Dissenting from the court’s ruling were three of the current conservative justices: Roberts, Alito and Thomas. 

Seeing a chance to undo their previous defeat, the conservative majority of the court decided that they could now drastically change the policy powers of a federal agency, usurping the powers of Congress the court claims to protect.  

The political danger of the ruling was captured by Justice Elena Kagan, who wrote that “The subject matter of the regulation here makes the Court’s intervention all the more troubling. Whatever else this Court may know about, it does not have a clue about how to address climate change. And let’s say the obvious: The stakes here are high. Yet the Court today prevents congressionally authorized agency action to curb power plants’ carbon dioxide emissions. The Court appoints itself—instead of Congress or the expert agency—the decision-maker on climate policy. I cannot think of many things more frightening.”

This decision, along with its deeply reactionary ruling on abortion rights earlier this month, is a demonstration of the court’s right-wing political character and the fascistic turn of the Republican Party. 

The court has effectively granted itself legislative powers, with the aim of stripping the working class of its hard-won democratic rights and undoing regulatory reforms of the past which might even slightly hinder the pursuit of profit. 

The ruling on Roe v. Wade and the creation of many regulatory agencies, including the EPA, came at the end of the liberal period that followed the Second World War and the civil rights movement. Such reforms are now being torn apart by the Supreme Court, which is acting as a theocratic cabal in the service of the Republican Party and the most reactionary elements within the ruling class. 

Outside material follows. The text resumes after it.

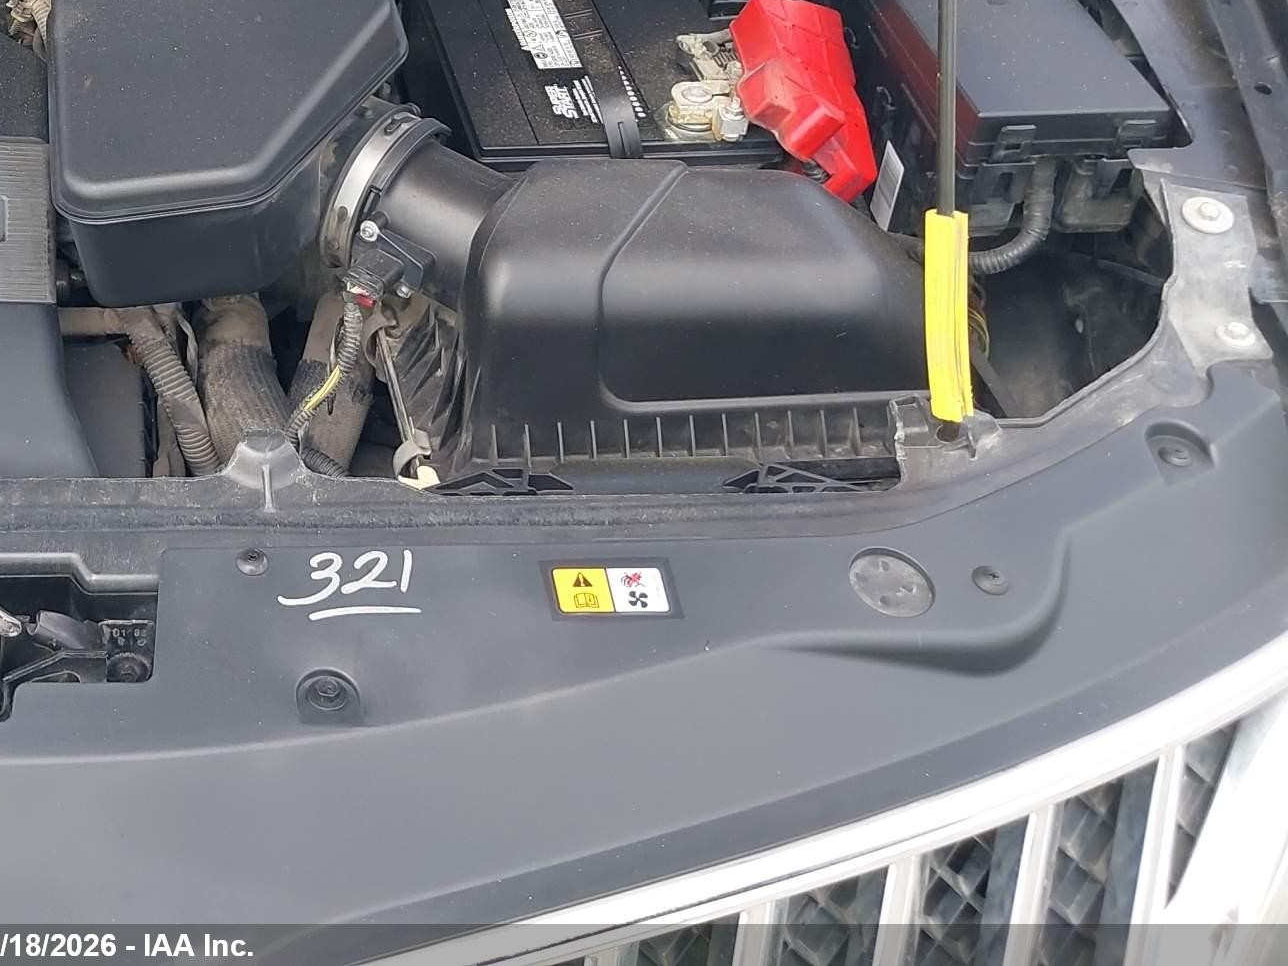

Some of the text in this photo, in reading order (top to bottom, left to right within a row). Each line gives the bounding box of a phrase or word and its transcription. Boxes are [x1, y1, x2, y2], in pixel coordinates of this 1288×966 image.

[544, 84, 562, 115] SUPER
[557, 85, 580, 119] START
[277, 549, 412, 606] 321

After the elimination of the right to abortion, Clarence Thomas, whose wife was directly involved in the January 6 coup attempt, has been explicit in his intention to target other court rulings, including those that guarantee the right to gay marriage and contraception, among others. 

The Democratic Party bears responsibility as well. For over five decades they have failed to establish any comprehensive plan to fight climate change and have refused to grant federal regulators the proper authority and resources to do so. 

The Supreme Court’s ruling could be undone with the passage of a bill to combat climate change, granting the EPA the express powers that the court demands. But the Democrats have consistently failed to pass any legislation of note. From voting rights to climate change, the Democrats have repeatedly built false promises of reform only to purposely trip at the final hurdle. As the Republicans and the Supreme Court move to attack the rights and protections of the working class, no progressive solution can be found through the feckless politics of the Democratic Party.

In order to fight climate change and defend democratic rights, the working class must take up the fight itself, armed with a social perspective to reorganize society to meet the needs of the vast majority and not the profit interests of a privileged few.